[Spatial localization data]
----

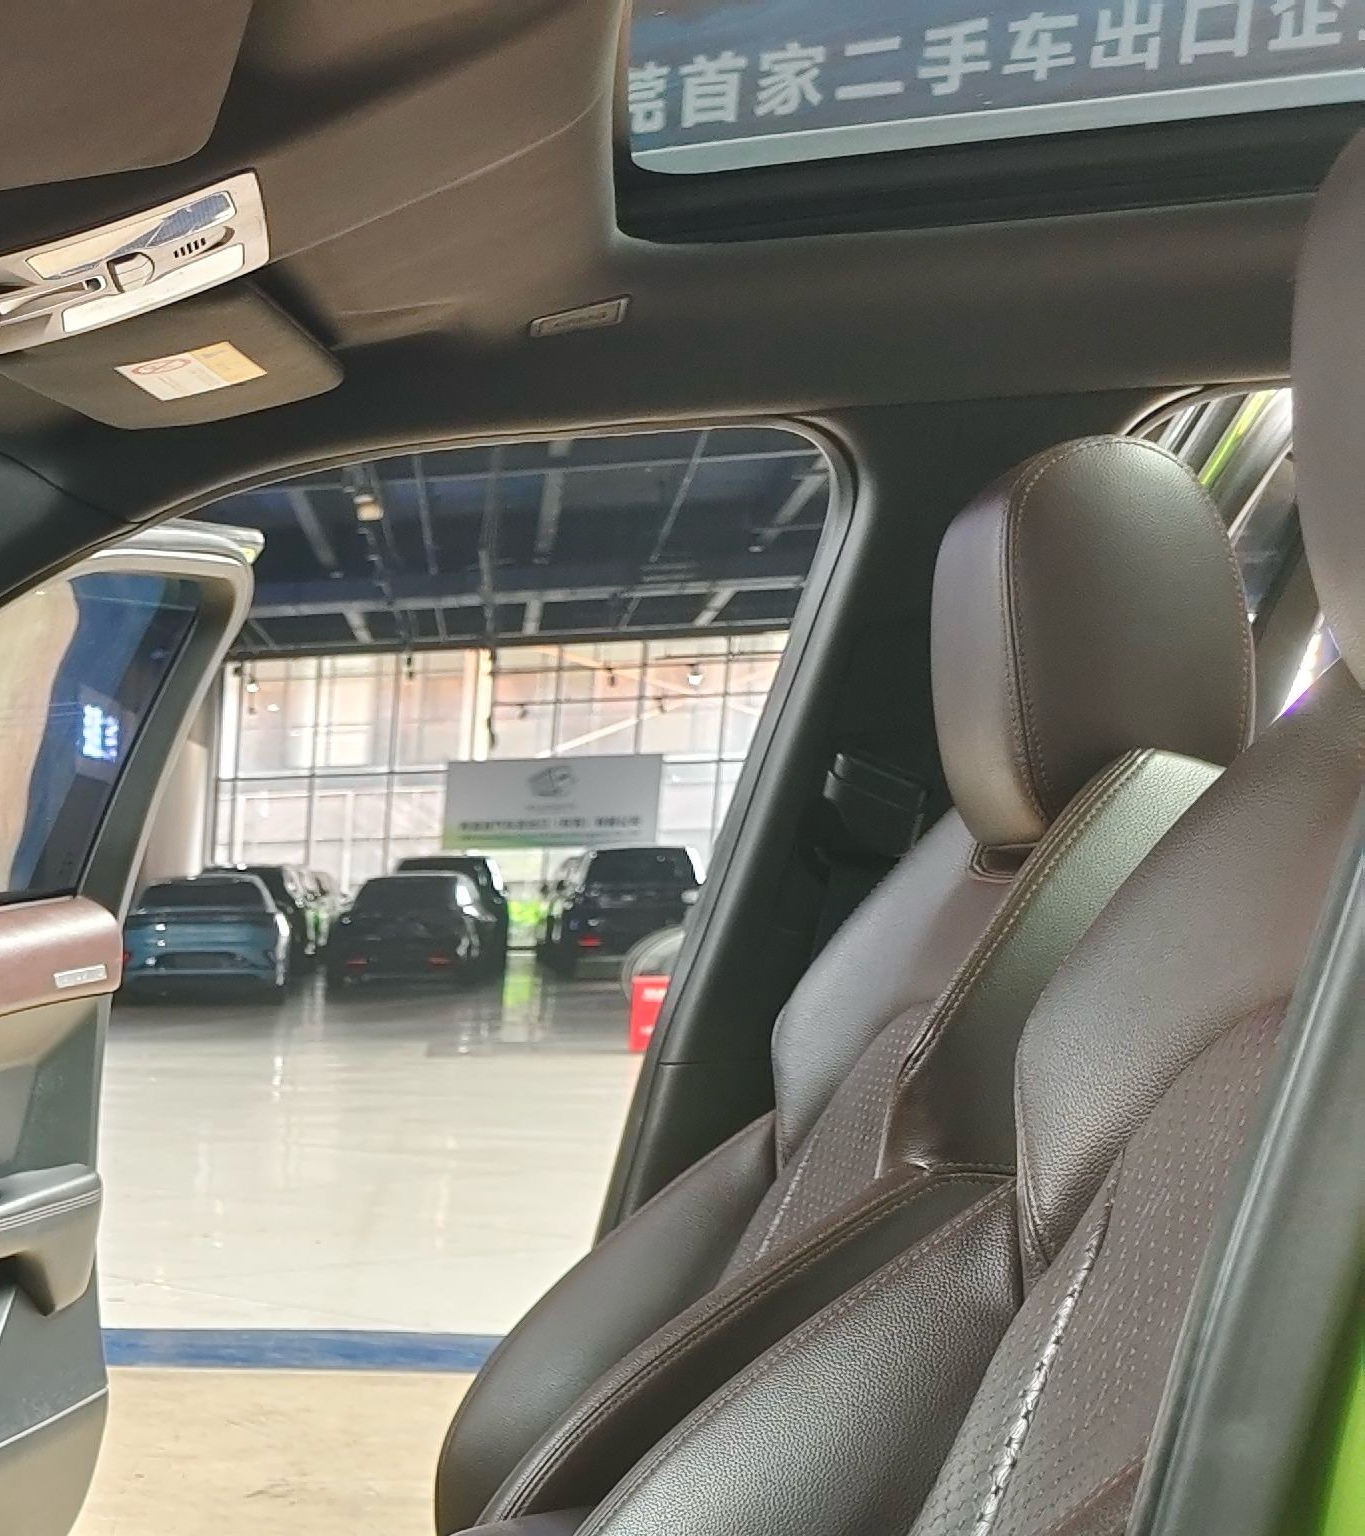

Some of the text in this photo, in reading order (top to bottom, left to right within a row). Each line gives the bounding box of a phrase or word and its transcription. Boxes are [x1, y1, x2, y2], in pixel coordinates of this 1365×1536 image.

[628, 0, 1365, 133] 莞首家二手车出口企
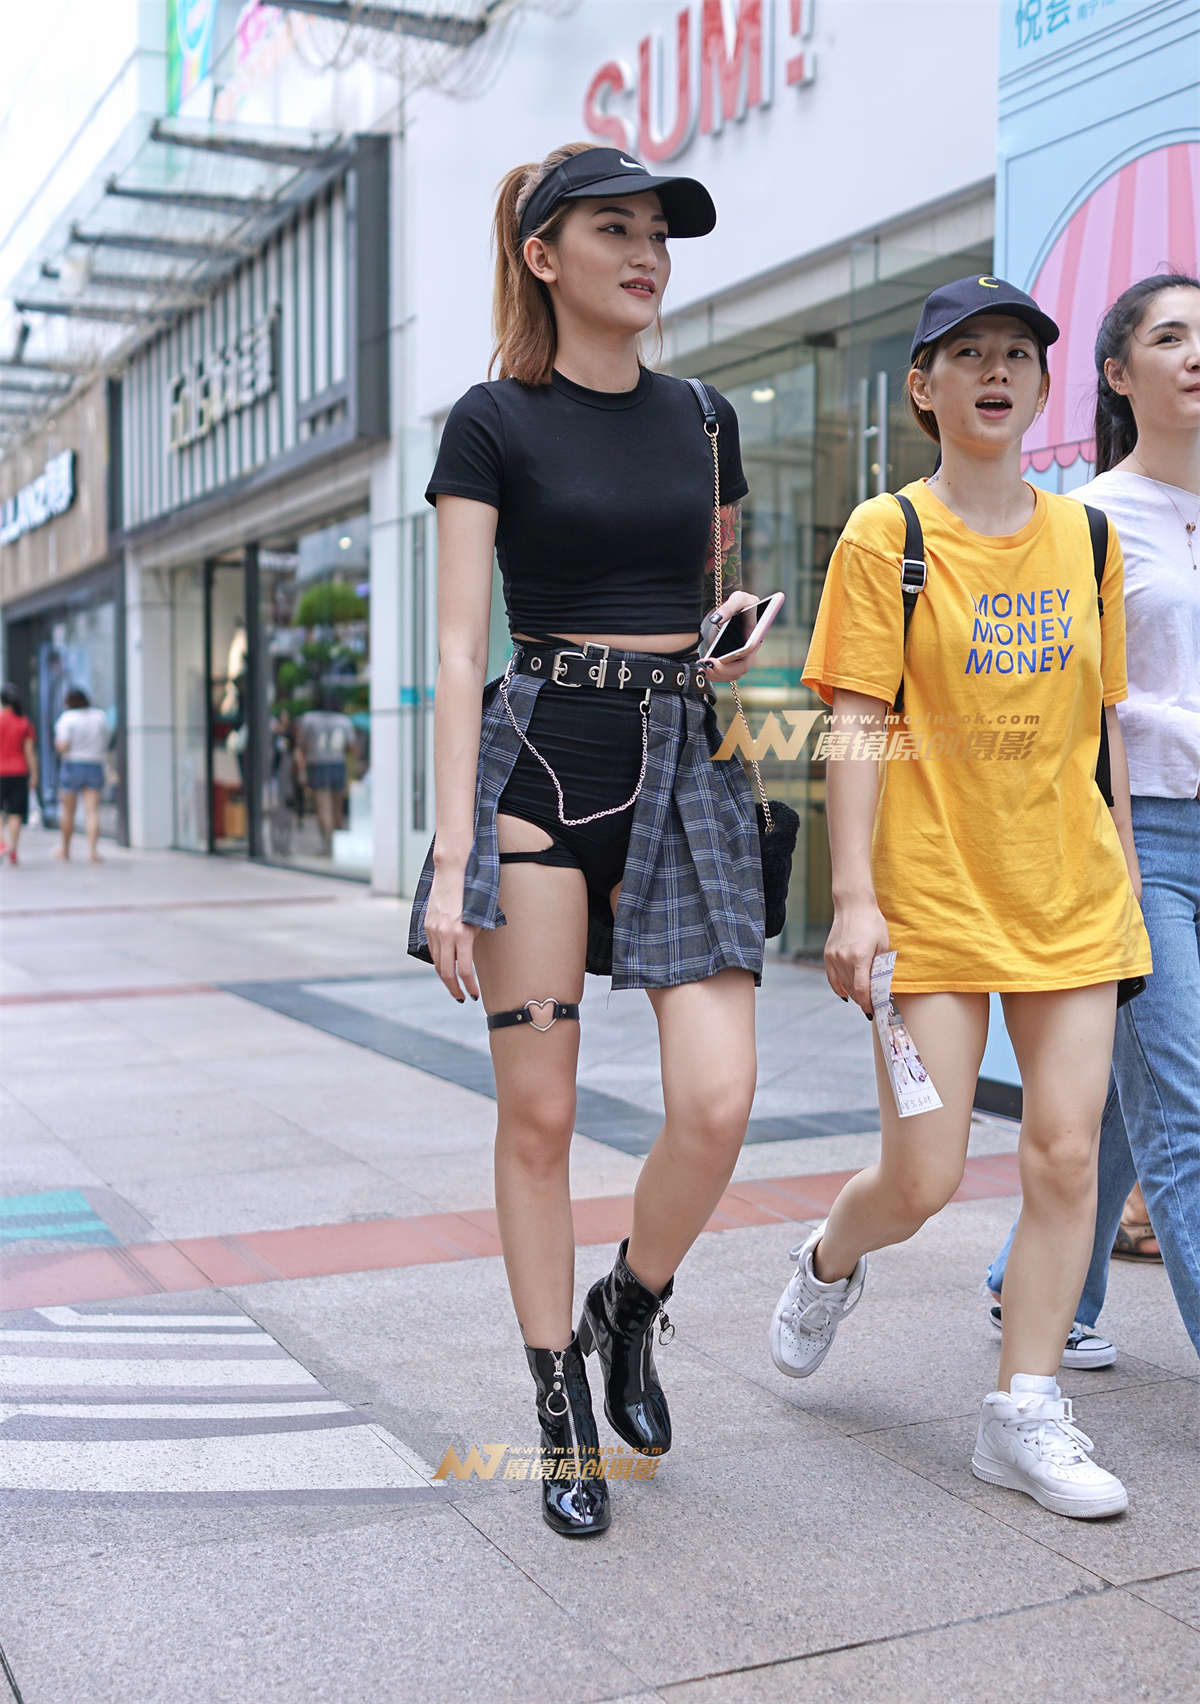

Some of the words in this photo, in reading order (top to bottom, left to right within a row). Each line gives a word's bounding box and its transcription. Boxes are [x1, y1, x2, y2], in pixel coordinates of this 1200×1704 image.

[970, 589, 1070, 618] MONEY
[972, 616, 1072, 645] MONEY
[965, 644, 1074, 674] MONEY
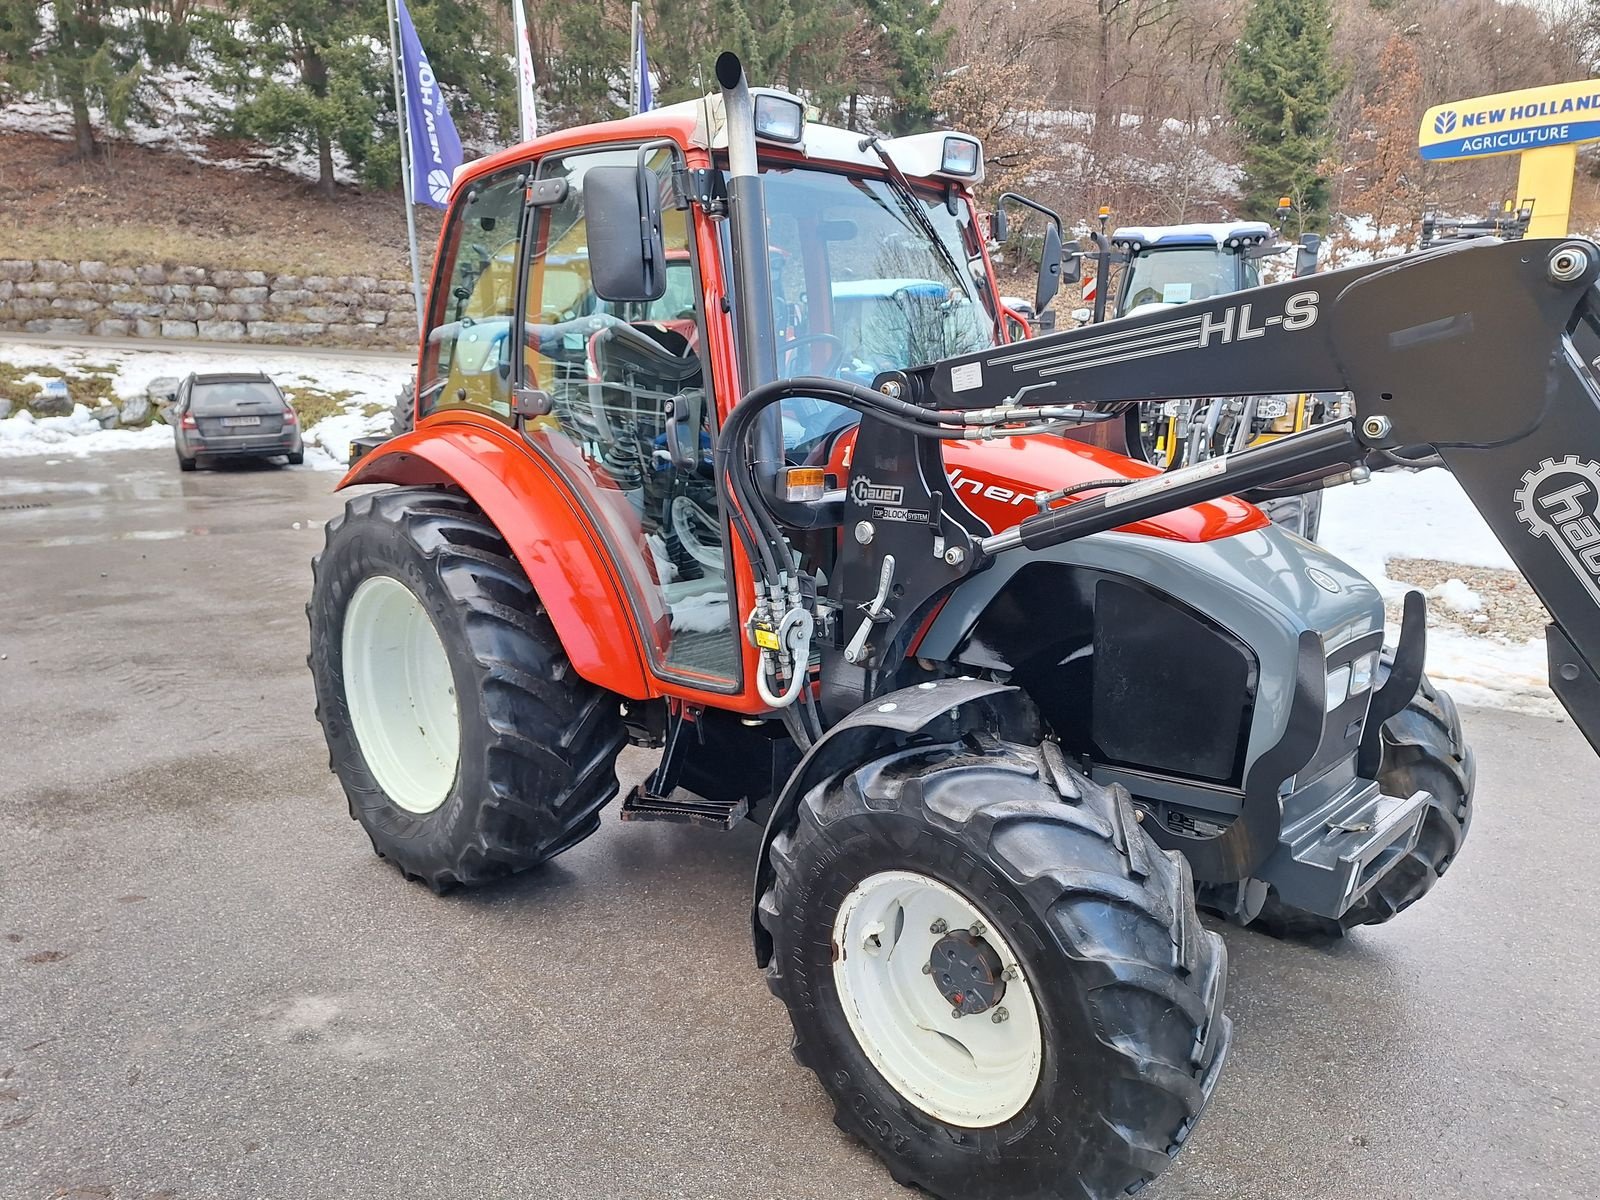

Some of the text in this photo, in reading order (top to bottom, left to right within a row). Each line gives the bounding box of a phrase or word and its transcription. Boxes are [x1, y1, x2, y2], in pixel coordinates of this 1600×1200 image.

[1462, 95, 1600, 127] NEW HOLLAND
[424, 108, 442, 164] NEW
[1461, 125, 1569, 152] AGRICULTURE
[1198, 290, 1320, 348] HL-S
[858, 482, 900, 501] hauer
[883, 509, 907, 519] BLOCK
[907, 512, 927, 520] SYSTEM

----

> [Activity] A faithful copy of all the data above, without its pictures, is the expected result.

> [Task answer]
Some of the text in this photo, in reading order (top to bottom, left to right within a row). Each line gives the bounding box of a phrase or word and its transcription. Boxes are [x1, y1, x2, y2], in pixel coordinates of this 1365×1536 image.

[628, 0, 1365, 133] 莞首家二手车出口企

Some of the words in this photo, in reading order (top to bottom, left to right within a row). Each line gives a word's bounding box and its transcription. Boxes are [x1, y1, x2, y2], in pixel coordinates of this 1200×1704 image.

[970, 589, 1070, 618] MONEY
[972, 616, 1072, 645] MONEY
[965, 644, 1074, 674] MONEY

Some of the text in this photo, in reading order (top to bottom, left to right within a row). Each line gives the bounding box of a phrase or word and its transcription. Boxes are [x1, y1, x2, y2], in pixel coordinates of this 1600×1200 image.

[1462, 95, 1600, 127] NEW HOLLAND
[424, 108, 442, 164] NEW
[1461, 125, 1569, 152] AGRICULTURE
[1198, 290, 1320, 348] HL-S
[858, 482, 900, 501] hauer
[883, 509, 907, 519] BLOCK
[907, 512, 927, 520] SYSTEM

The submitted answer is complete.